DATA LISTING>
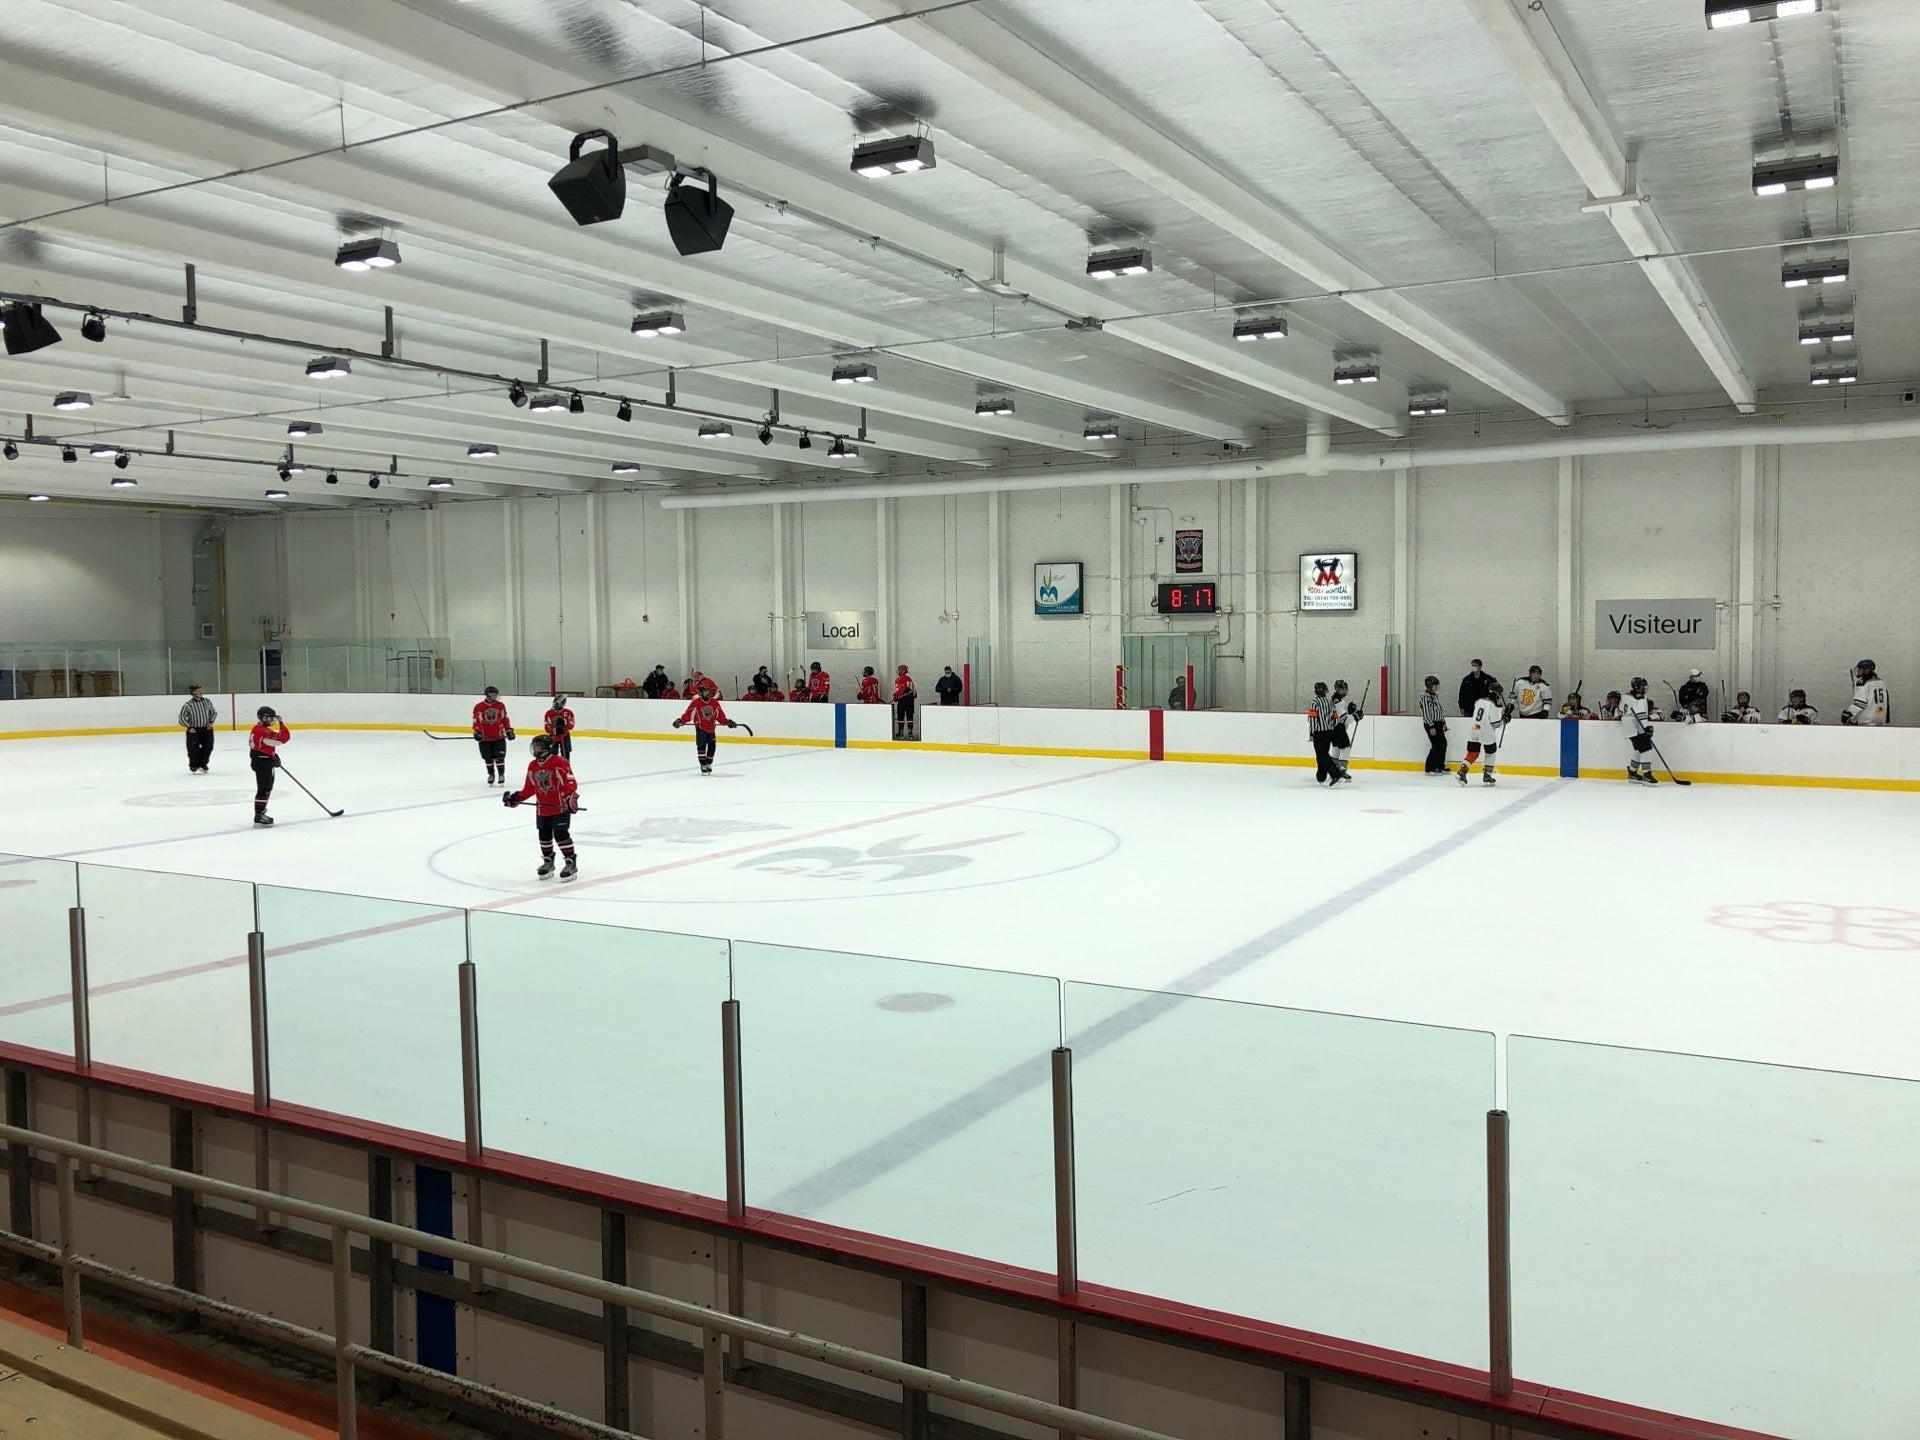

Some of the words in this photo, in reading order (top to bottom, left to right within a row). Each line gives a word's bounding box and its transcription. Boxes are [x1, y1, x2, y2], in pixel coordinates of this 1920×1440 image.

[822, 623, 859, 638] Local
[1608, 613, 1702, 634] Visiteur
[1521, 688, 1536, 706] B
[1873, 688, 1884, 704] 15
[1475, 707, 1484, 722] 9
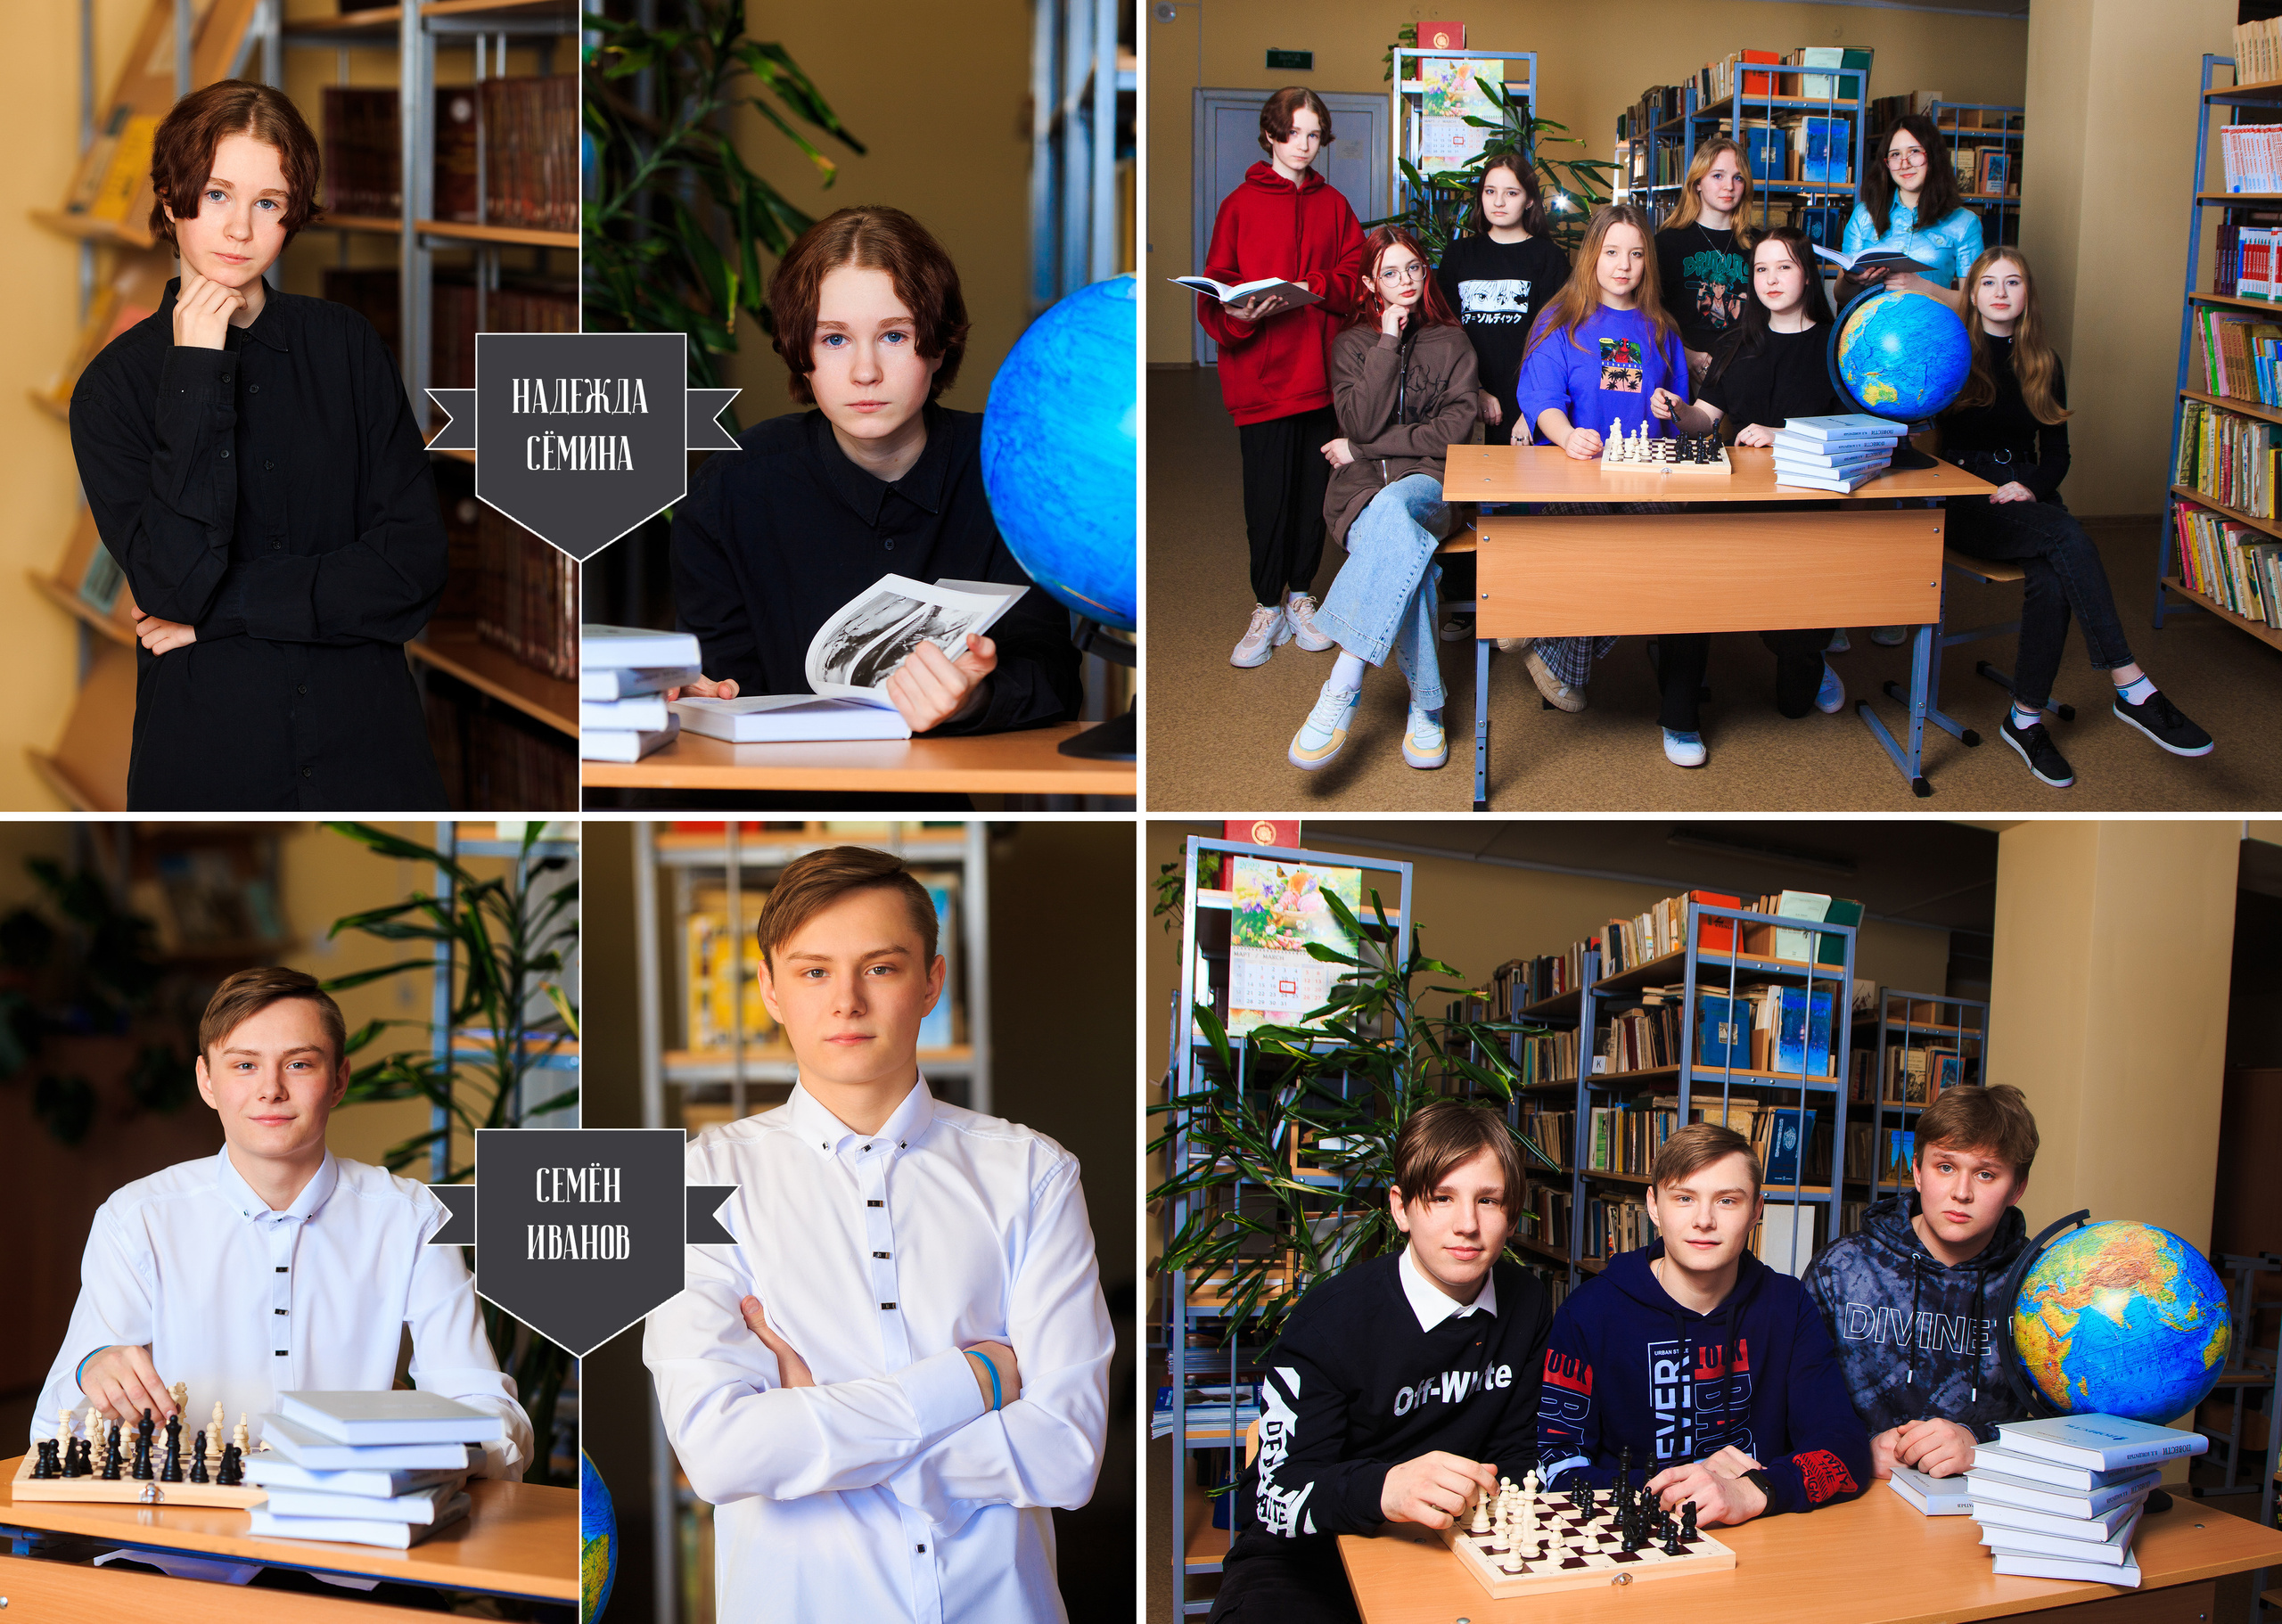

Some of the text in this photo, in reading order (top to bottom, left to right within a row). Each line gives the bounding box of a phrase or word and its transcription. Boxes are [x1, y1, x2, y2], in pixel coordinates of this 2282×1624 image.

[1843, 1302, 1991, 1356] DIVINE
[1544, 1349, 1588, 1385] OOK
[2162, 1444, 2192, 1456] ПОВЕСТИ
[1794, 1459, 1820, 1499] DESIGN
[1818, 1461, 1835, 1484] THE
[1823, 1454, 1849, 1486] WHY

REQUIRED WORK>
Leave out the pictures. Transcribe the rest of the listing above exactly.

WORKED SOLUTION>
Some of the words in this photo, in reading order (top to bottom, left to right within a row). Each line gives a word's bounding box and its transcription. Boxes are [x1, y1, x2, y2], in pixel coordinates of this 1920×1440 image.

[822, 623, 859, 638] Local
[1608, 613, 1702, 634] Visiteur
[1521, 688, 1536, 706] B
[1873, 688, 1884, 704] 15
[1475, 707, 1484, 722] 9

Some of the text in this photo, in reading order (top to bottom, left to right within a row). Each line gives the bounding box of a phrase or word and its transcription. Boxes are [x1, y1, x2, y2], in pixel coordinates of this 2282×1624 image.

[1843, 1302, 1991, 1356] DIVINE
[1544, 1349, 1588, 1385] OOK
[2162, 1444, 2192, 1456] ПОВЕСТИ
[1794, 1459, 1820, 1499] DESIGN
[1818, 1461, 1835, 1484] THE
[1823, 1454, 1849, 1486] WHY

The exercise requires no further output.